2023-10-18
浏览次数:228报告题目:Federated Learning: Communication & Computation Efficiency
报告人: 周志安(Chee-Onn Chow)博士,马来亚大学电子工程系系主任,副教授
报告时间:2023年10月20日周五11:00-12:00
报告地点:腾讯会议ID:350-403-867
主持人: 柯峰(电子与信息学院)
欢迎广大师生参加!
摘要:
Federated Learning is a much-needed technology in this golden era of big data and Artificial Intelligence, due to its vital role in preserving data privacy, and eliminating the need to transfer and process huge amounts of data, while maintaining the numerous benefits of Machine Learning. As opposed to the typical central training process, Federated Learning involves the collaborative training of statistical models by exchanging learned parameter updates. However, wide adoption of the technology is hindered by the communication and computation overhead forming due to the demanding computational cost of training, and the large-sized parameter updates exchanged. In popular applications such as those involving Internet of Things, the effects of the overhead are exacerbated due to the low computational prowess of edge and fog devices, limited bandwidth, and data capacity of internet connections.

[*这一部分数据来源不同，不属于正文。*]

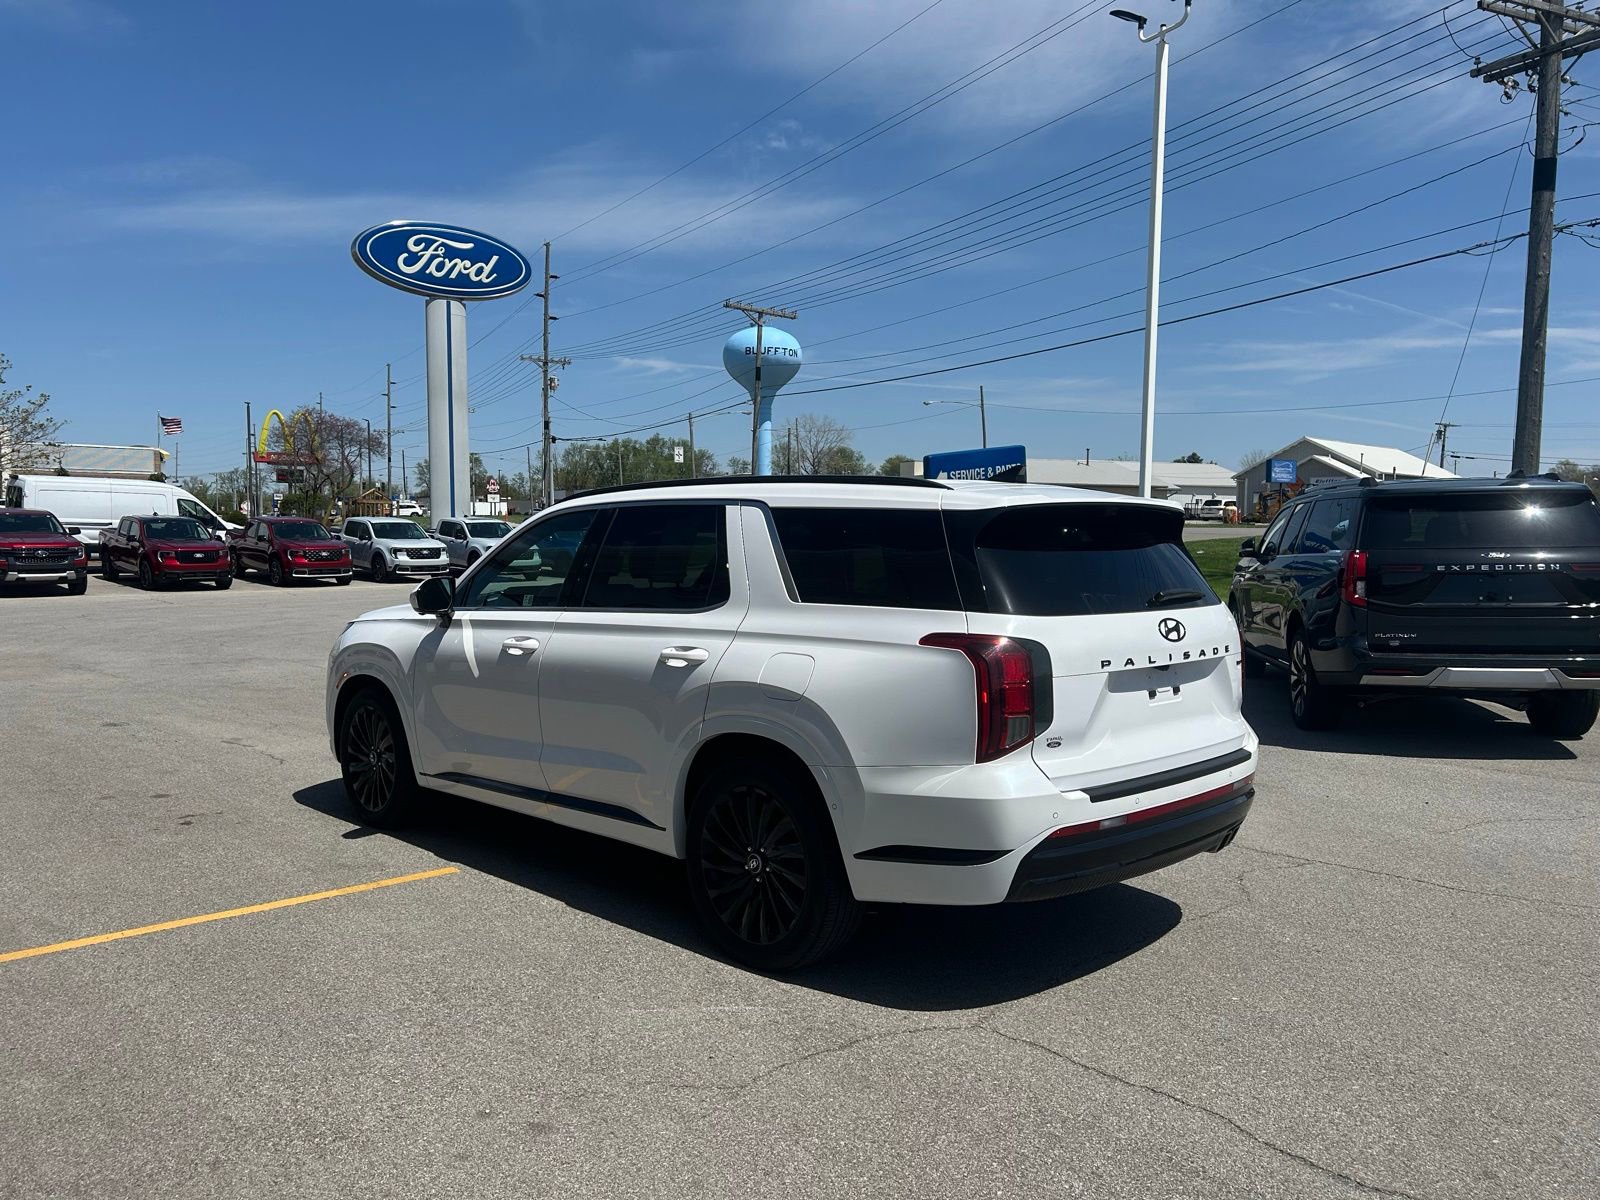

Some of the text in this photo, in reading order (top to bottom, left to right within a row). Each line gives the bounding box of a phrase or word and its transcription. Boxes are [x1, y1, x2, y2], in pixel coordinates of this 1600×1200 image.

[397, 234, 499, 283] Ford
[745, 346, 798, 358] BLUFFTON
[950, 467, 986, 480] SERVICE
[987, 466, 994, 478] &
[1100, 645, 1230, 669] PALISADE
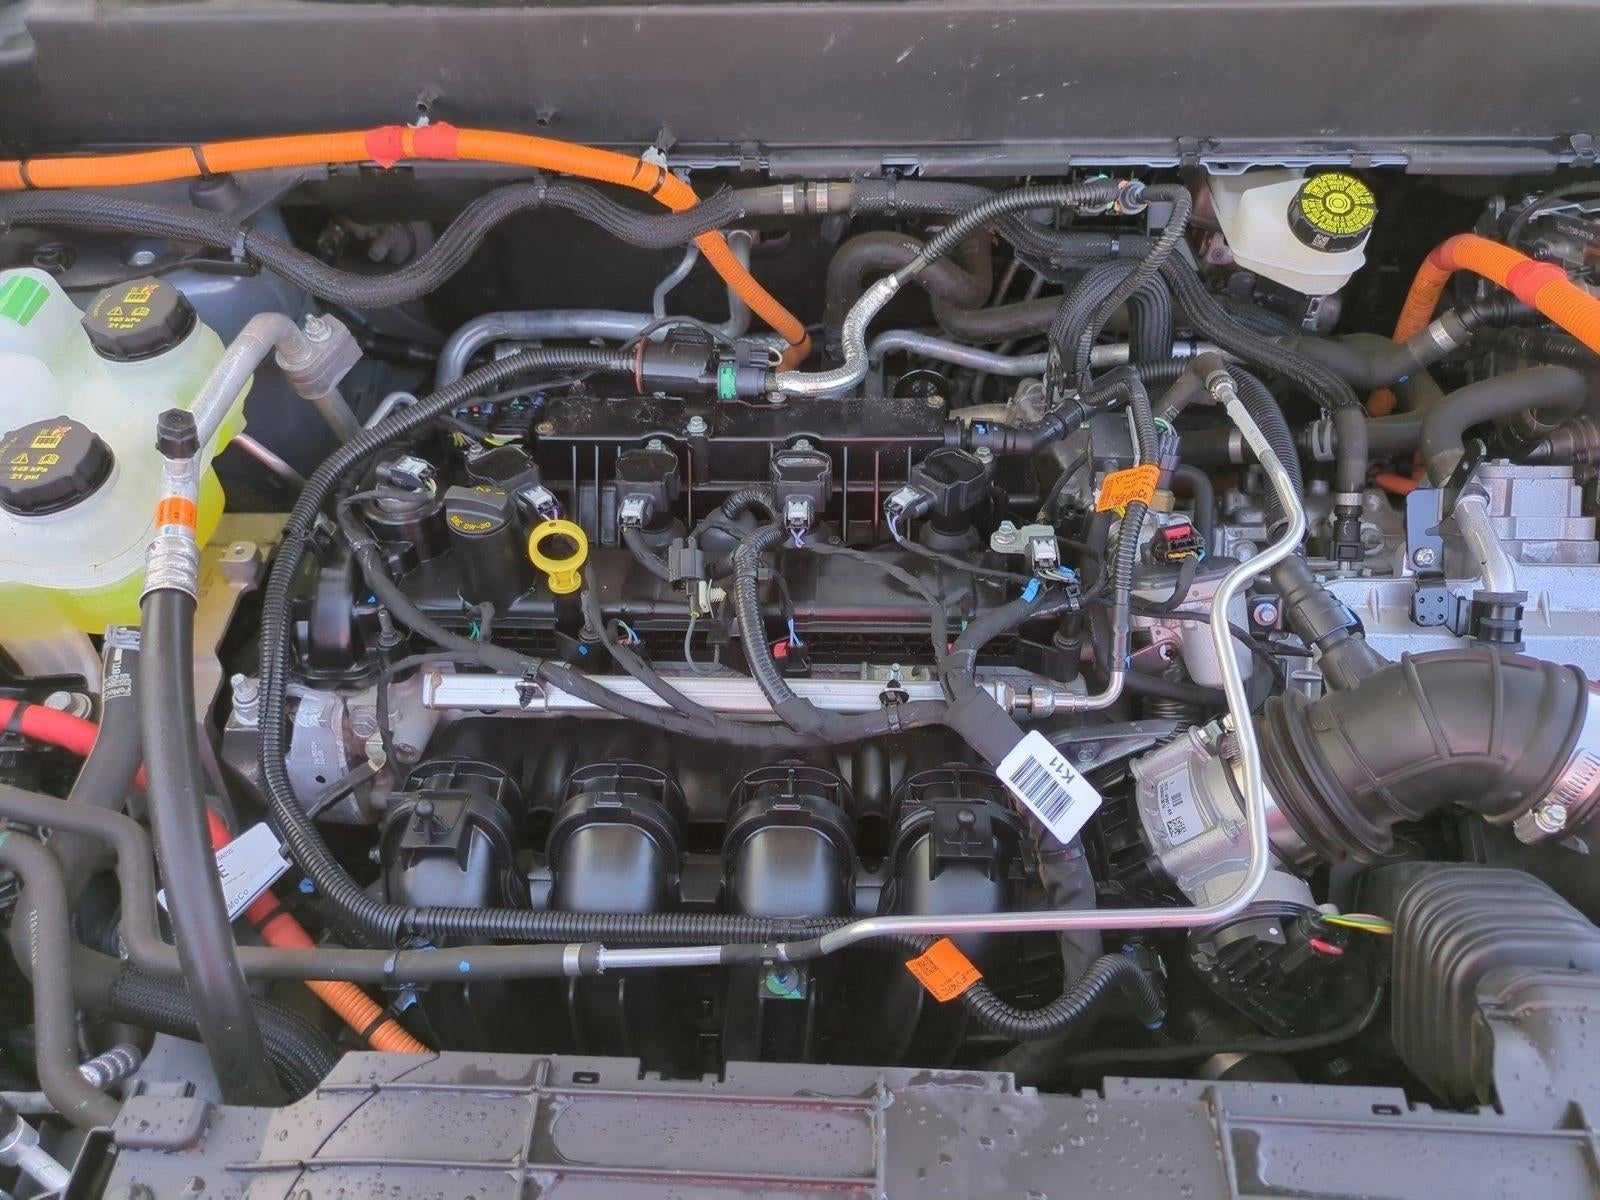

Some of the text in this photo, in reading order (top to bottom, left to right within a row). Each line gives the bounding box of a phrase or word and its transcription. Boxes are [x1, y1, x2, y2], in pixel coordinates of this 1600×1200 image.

[30, 465, 48, 473] kPa
[24, 473, 40, 481] psi
[450, 515, 463, 527] SAE
[1049, 756, 1075, 784] K11
[228, 889, 249, 911] MoCo
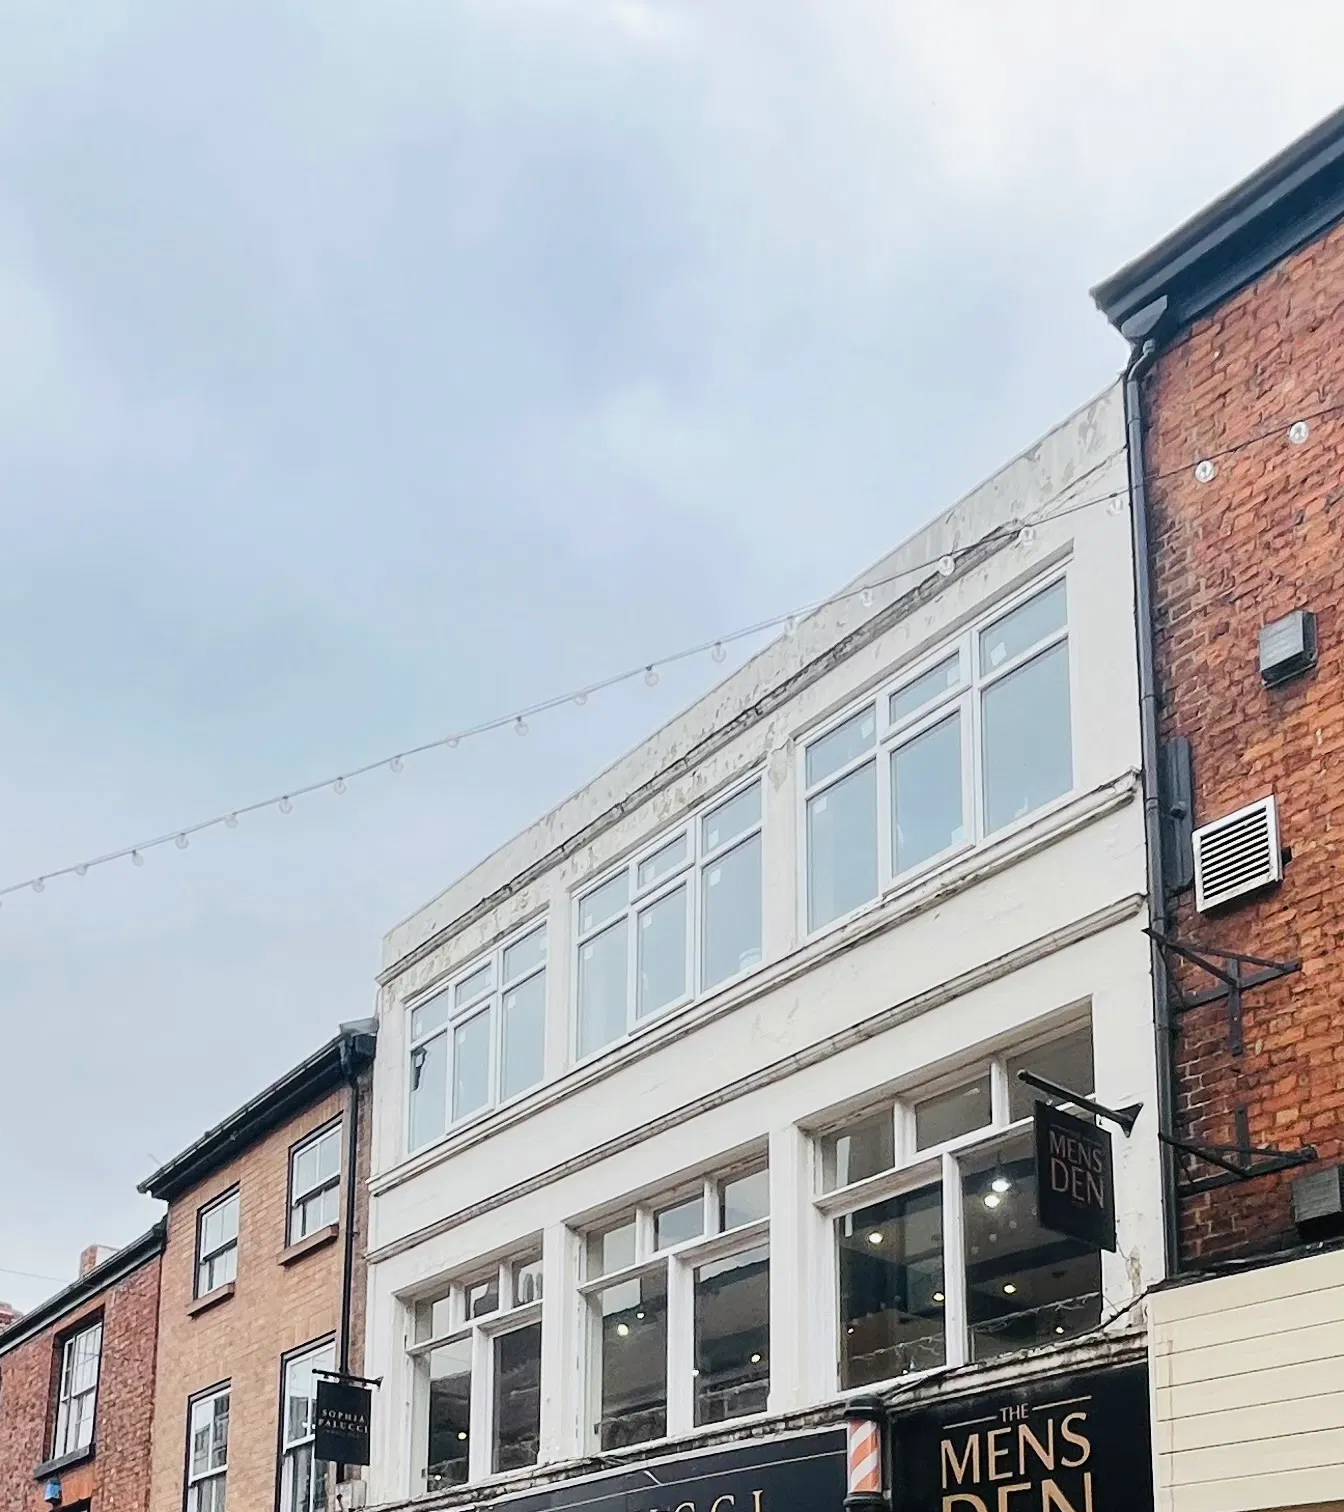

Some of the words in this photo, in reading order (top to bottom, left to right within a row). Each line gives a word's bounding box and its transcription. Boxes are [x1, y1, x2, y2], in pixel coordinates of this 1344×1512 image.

[1049, 1130, 1104, 1174] MENS
[1051, 1156, 1104, 1209] DEN
[318, 1418, 368, 1434] PALUCCI
[322, 1408, 365, 1423] SOPHIA
[1000, 1403, 1029, 1423] THE
[941, 1412, 1091, 1489] MENS
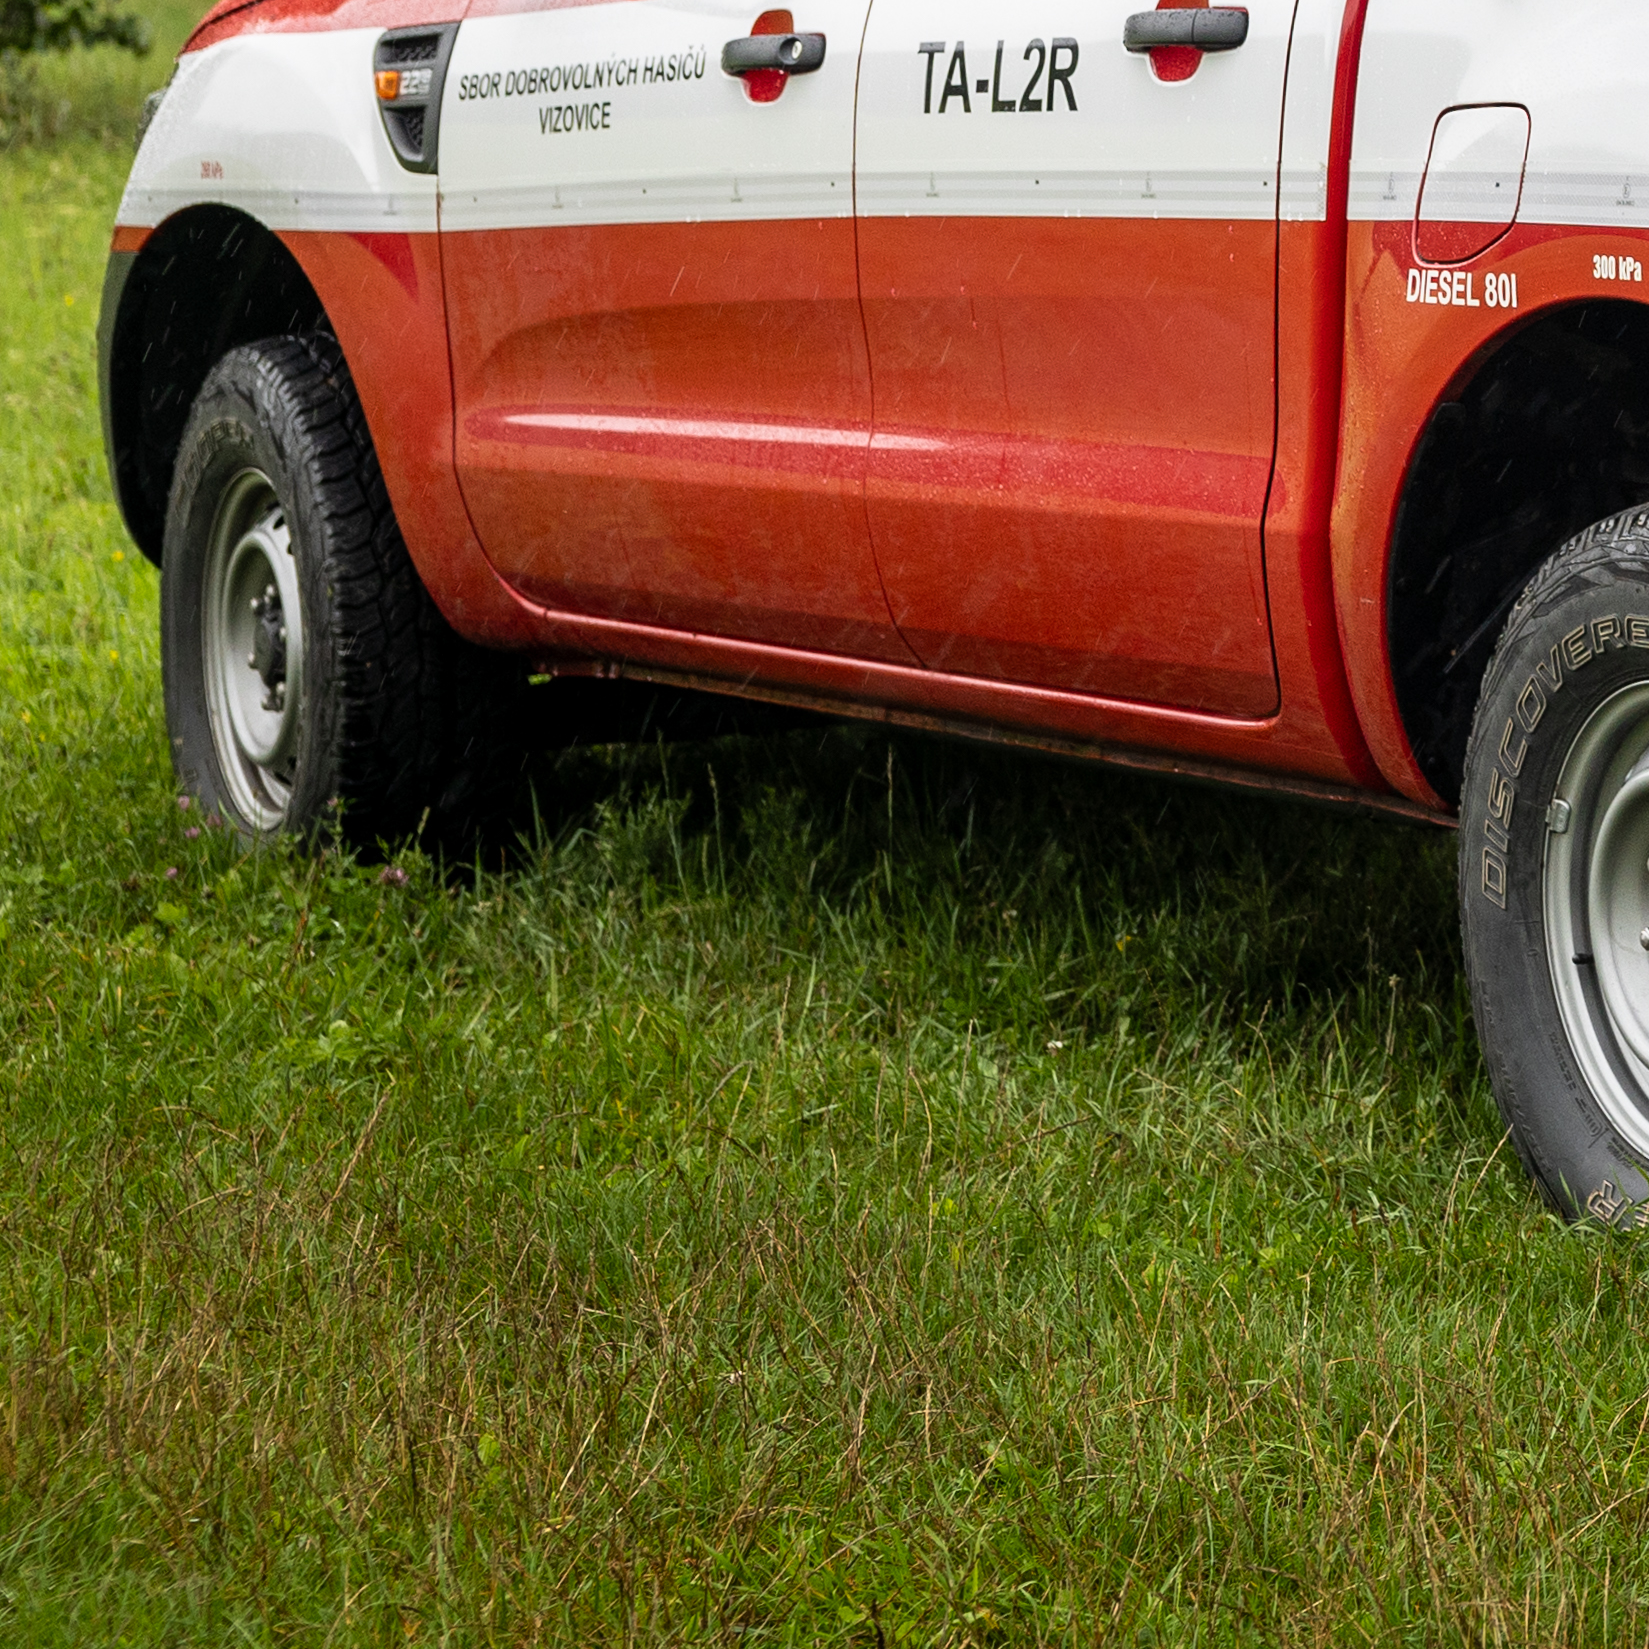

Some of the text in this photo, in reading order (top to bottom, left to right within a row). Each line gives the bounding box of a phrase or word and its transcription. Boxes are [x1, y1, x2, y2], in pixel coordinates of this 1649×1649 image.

[458, 71, 502, 101] SBOR
[504, 51, 640, 97] DOBROVOLNÝCH
[642, 43, 707, 85] HASIČŮ
[917, 36, 1080, 114] TA-L2R
[539, 101, 611, 135] VIZOVICE
[1406, 268, 1480, 307] DIESEL
[1592, 254, 1642, 282] 300 kPa

In this lecture, we provide a brief overview on the concept of federated learning, and possible ways to improve its communication and computation efficiency.
个人简历
Chee-Onn Chow(周志安) is the Head of the Department of Electrical Engineering, University of Malaya. He is the Senior Member of IEEE. He received his Doctorate of Engineering from the Tokai University, Japan in 2008. He has published more than 50 journal and conference papers and completed more than 20 research projects funded by national and international organizations. His research interests include various issues related to wireless communications, multimedia applications, machine learning and data analytics.